Provide a novel theory as to how tumor cells avoid destruction by the immune system. They could also inform the development of treatments that combine immunotherapy with the timed inhibition of relevant signaling pathways in tumor cells.
“Cancer immunotherapy harnesses the body’s immune system to fight cancer. Despite its remarkable success, the majority of patients who receive immunotherapy will only see their tumors shrink in size temporarily before returning, and these relapsed tumors will likely be resistant to immunotherapy treatment,” says first author Amit Gutwillig, who was a Ph.D. student at the Carmi Lab, Tel Aviv University, Israel, at the time the study was carried out, and is now a Senior Researcher at Nucleai, Tel Aviv.
To identify how tumors relapse after immunotherapy, Carmi and the team began by comparing the genetic sequences of whole genomes in primary and relapsed tumors in the same patient. Their analysis suggested that relapsed tumors do not change dramatically following immunotherapy.
Next, the team studied this process in breast cancer and melanoma, using mouse models in which immunotherapy-resistant tumors had relapsed.
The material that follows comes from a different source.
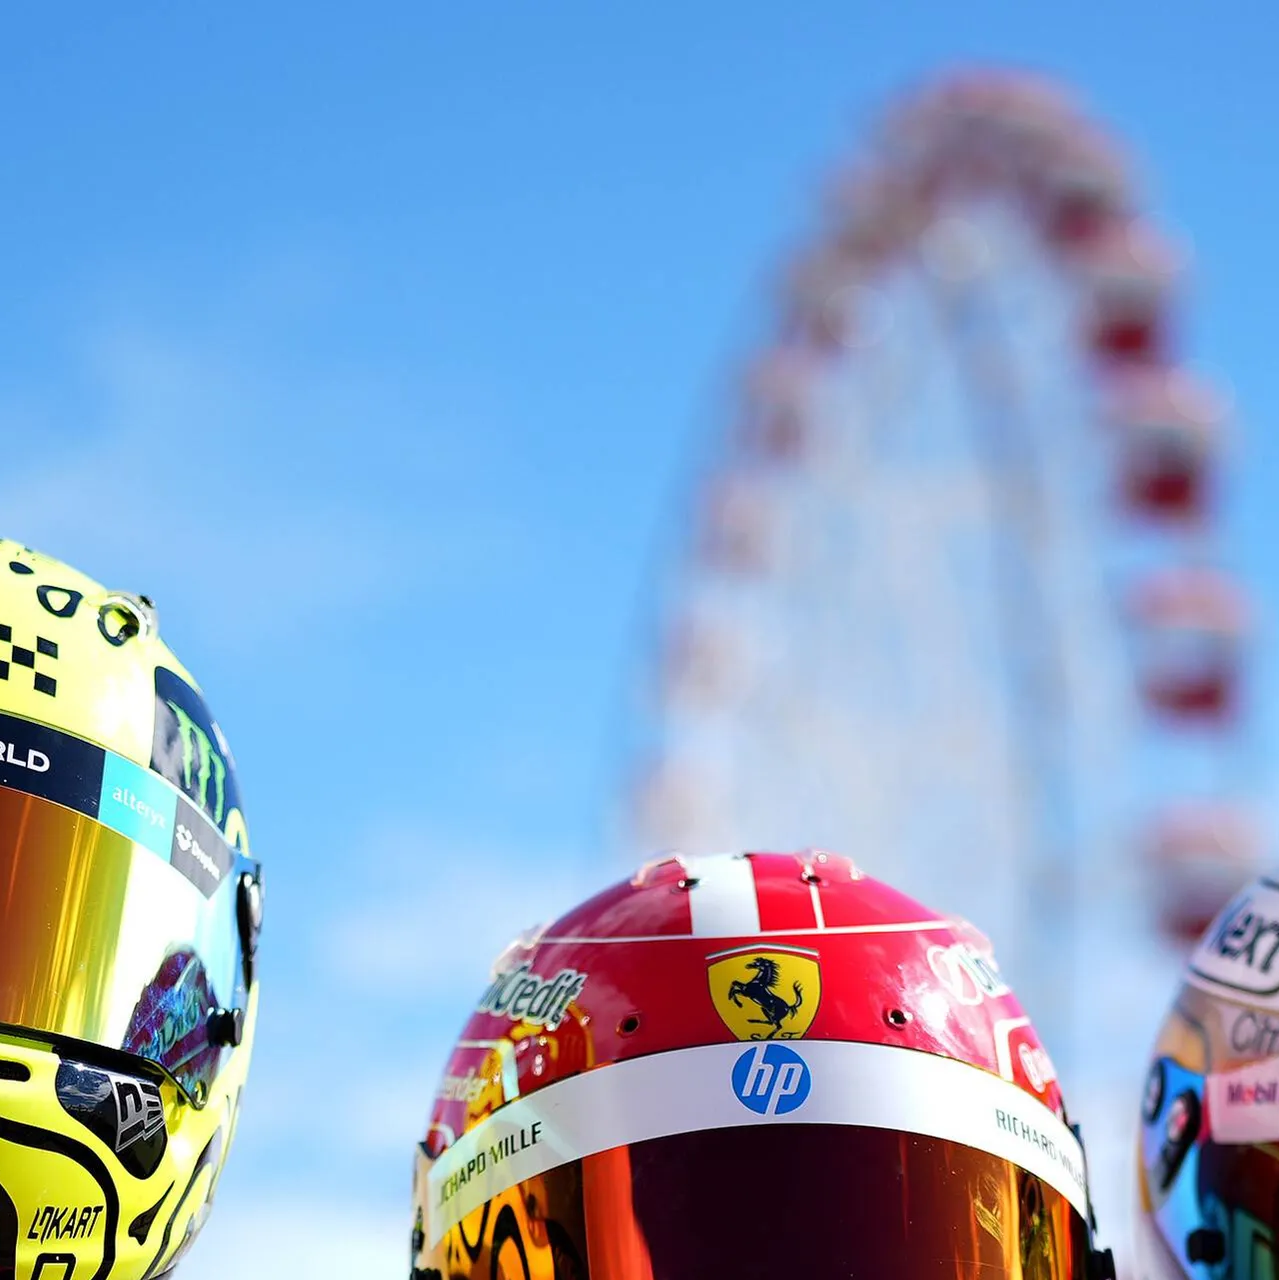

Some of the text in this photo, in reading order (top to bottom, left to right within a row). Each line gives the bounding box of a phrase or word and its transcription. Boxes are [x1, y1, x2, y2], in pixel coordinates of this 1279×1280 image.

[112, 786, 167, 829] alteryx
[741, 1043, 804, 1116] hp
[995, 1107, 1057, 1161] RICHARD
They administered the mice with cells from treated tumors and allowed these cells to reach a palpable size. The team found that the cells were equally susceptible to the same immunotherapy approach as the parent tumor, although they relapsed sooner.
To better characterize the tumor cells that survived in mice following immunotherapy, the researchers isolated and studied the live tumor cells. They found that most of the cells responded to the presence of T cells—a type of immune cell that targets foreign particles—by organizing into temporary formations. These were made up of clusters of several tumor cell nuclei, which are surrounded by a single, multilayered membrane and a meshwork of cortical actin filaments. The inner cell of the formation was dense and appeared to be compacted within another cell.
To show that this result was not due to the isolation of the melanoma cells, the team also analyzed tumors with fluorescently labeled cell nuclei and membranes. They found that the cell-in-cell formation was more prevalent in immunotherapy-treated tumors, particularly in sites associated with tumor cell death. Further analysis indicated that roughly half of the tumor cells that survived immunotherapy were arranged in the cell-in-cell formation. Over time, these cells returned to a single-cell state, with similar structural features to those of the parental cell line.
The team next tested whether this phenomenon occurs in human cancers. To do this, they incubated tumor cell lines with pre-activated T cells from healthy donors. They discovered that the vast majority of breast, colon and melanoma tumor cells that survived T-cell killing organized into the cell-in-cell structure. A three-day observation of T cells interacting with tumor cells showed that these structures were dynamic, with individual tumor cells constantly forming and disseminating from the structure.
Finally, they tested the clinical relevance of this discovery by analyzing cancerous tissues from multiple organs of four stage 4 melanoma patients. These patients were undergoing surgical removal of primary and metastatic lymph nodes—that is, lymph nodes that had spread from the primary tumor. The researchers found that in all four patients, the cell-in-cell formation was highly abundant in the T-cell zone of the draining lymph nodes, but not in the primary tumors. Furthermore, in a patient with untreated recurrent melanoma, most of the cells in the primary tumor were single cells, whereas the recurrent tumors had an abundance of the cell-in-cell formations.
“This previously unknown mechanism of tumor resistance highlights a current limitation of immunotherapy,” says senior author Yaron Carmi, Principal Investigator at the Department of Pathology, Sackler School of Medicine, Tel Aviv University. “Over the past decade, many clinical studies have used immunotherapy followed by chemotherapy. But our findings suggest that timed inhibition of relevant signaling pathways needs to occur alongside immunotherapy to prevent the tumor becoming resistant to subsequent treatments.”